Critics ranging from the DoD IG to the House Armed Services Committee and Republican Sen. Charles Grassley of Iowa have raised questions about DSS’s protection of classified information. In 2008, then-DSS Director Kathleen Watson claimed that when she began her tenure, DSS was “broken across the board.” In a 2009 letter to then-Defense Secretary Robert Gates, Grassley said he was “worried that there are continuing problems with the Defense Security Service and its role in safeguarding our nation’s top secret or sensitive weapons design information and making sure that kind of information doesn’t fall into the wrong hands.”

Other DSS Probes Into Boeing Raise Questions

As for Boeing, one might readily dismiss Conley and Kelly’s allegations based on the fact that criminal investigations by two agencies—the Naval and Defense Criminal Investigative Services—did not support their allegations. But subsequent DSS administrative inquiries launched into classified technology transfer practices within Phantom Works program give these allegations some credence.

DSS opened one administrative inquiry into Phantom Works in 2008, according to a DSS response to a POGO Freedom of Information Act (FOIA) request. Another DSS probe was launched in 2011, POGO has learned. In total, at least three such investigations conducted by three different DSS agents based out of the agency’s Seattle field office have taken place since 2002—all related to Boeing’s handling of classified defense information. An unknown number of security violations occurred in 2009 and 2010, according to the DSS FOIA response. The exact number of violations in both years was redacted.

The IG reprisal investigation report states that reprisal investigators “determined Mr. Conley’s belief in 2006, that Boeing engaged in illegal activity was reasonable.” Furthermore, “testimony from Mr. Conley’s co-workers and supervisors supported the reasonableness of his allegations.”
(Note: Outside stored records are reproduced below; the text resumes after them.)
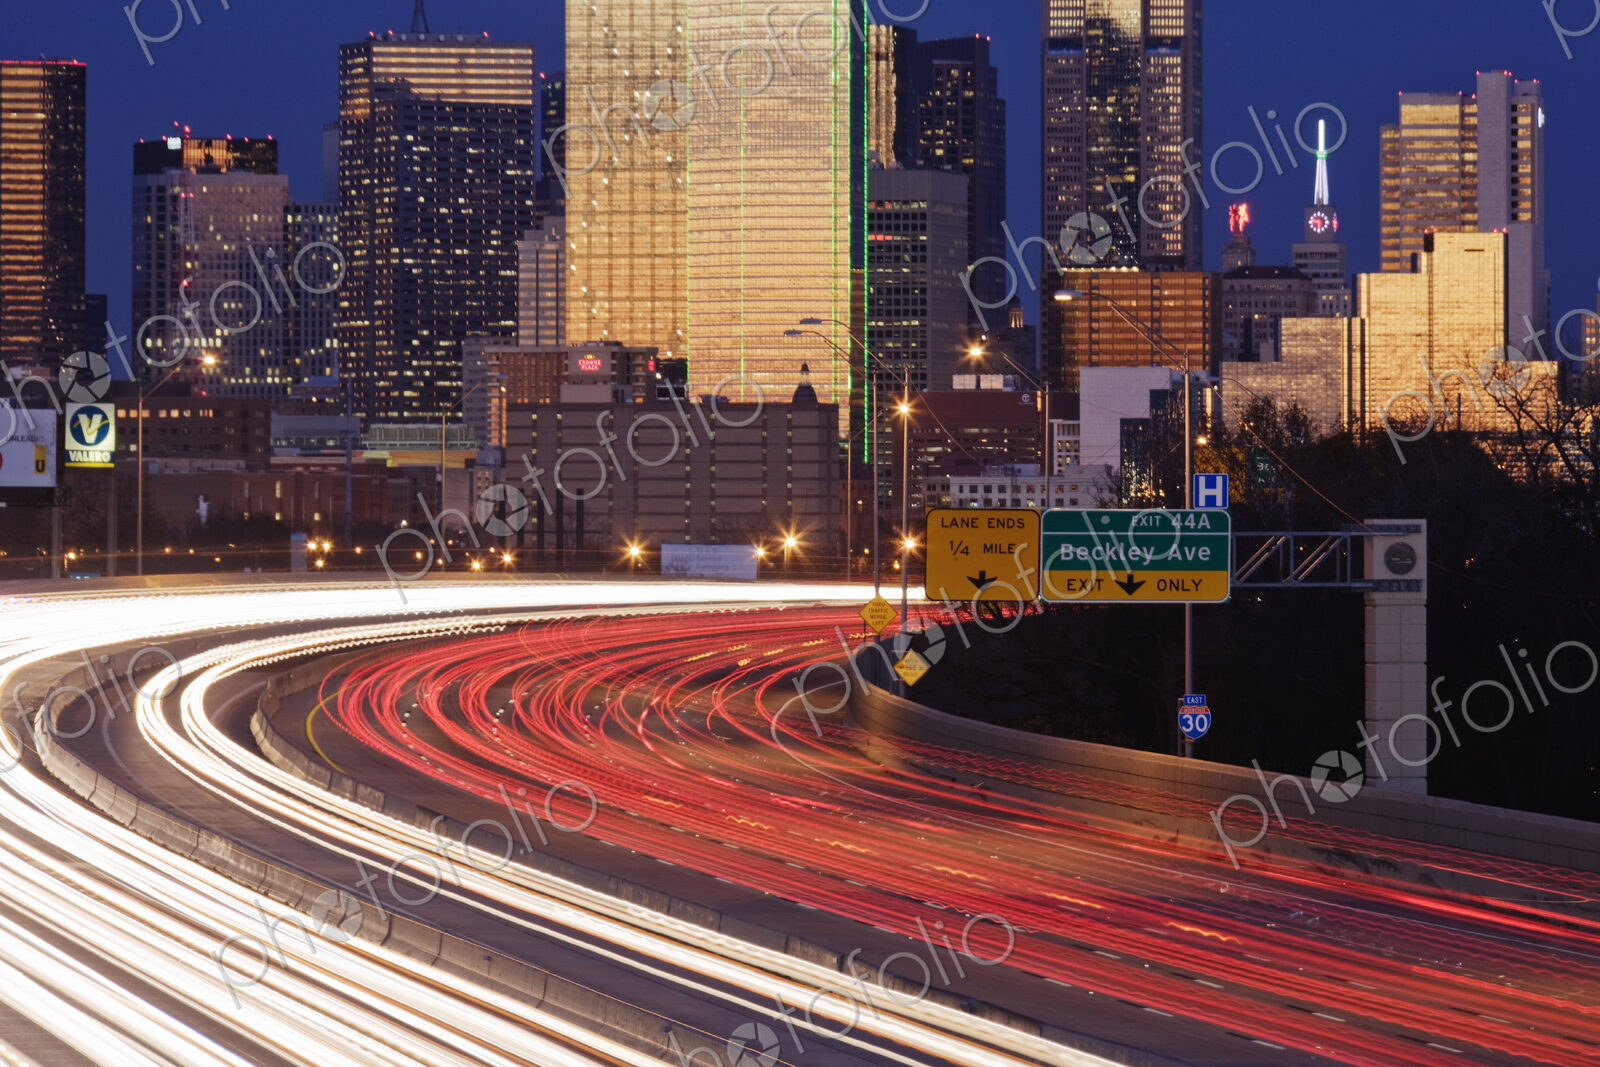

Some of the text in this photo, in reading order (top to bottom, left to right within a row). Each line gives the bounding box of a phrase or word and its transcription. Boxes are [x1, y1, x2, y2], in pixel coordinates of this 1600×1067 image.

[69, 450, 111, 463] VALERO
[1199, 476, 1223, 507] H
[941, 518, 1025, 529] LANE ENDS
[1131, 513, 1211, 529] EXIT 44A
[949, 540, 1016, 556] 1/4 MILE
[1060, 542, 1211, 566] Beckley Ave
[1066, 578, 1203, 592] EXIT ONLY
[1186, 696, 1203, 704] EAST
[1181, 714, 1208, 732] 30
Given the reasonableness of Conley’s concern and the high stakes of his allegations, the public deserves to know more about what Boeing, which makes tens of billions of dollars in federal contracts each year, is doing to adequately protect classified information.

It's also just as important that Congress examine how DSS, an obscure but vital federal agency, is doing its job protecting our nation’s most sensitive secrets. If an employee like Conley faces retaliation for just trying to do that job, how can American taxpayers have confidence in the agency?

Nick Schwellenbach is a contributing investigator for POGO.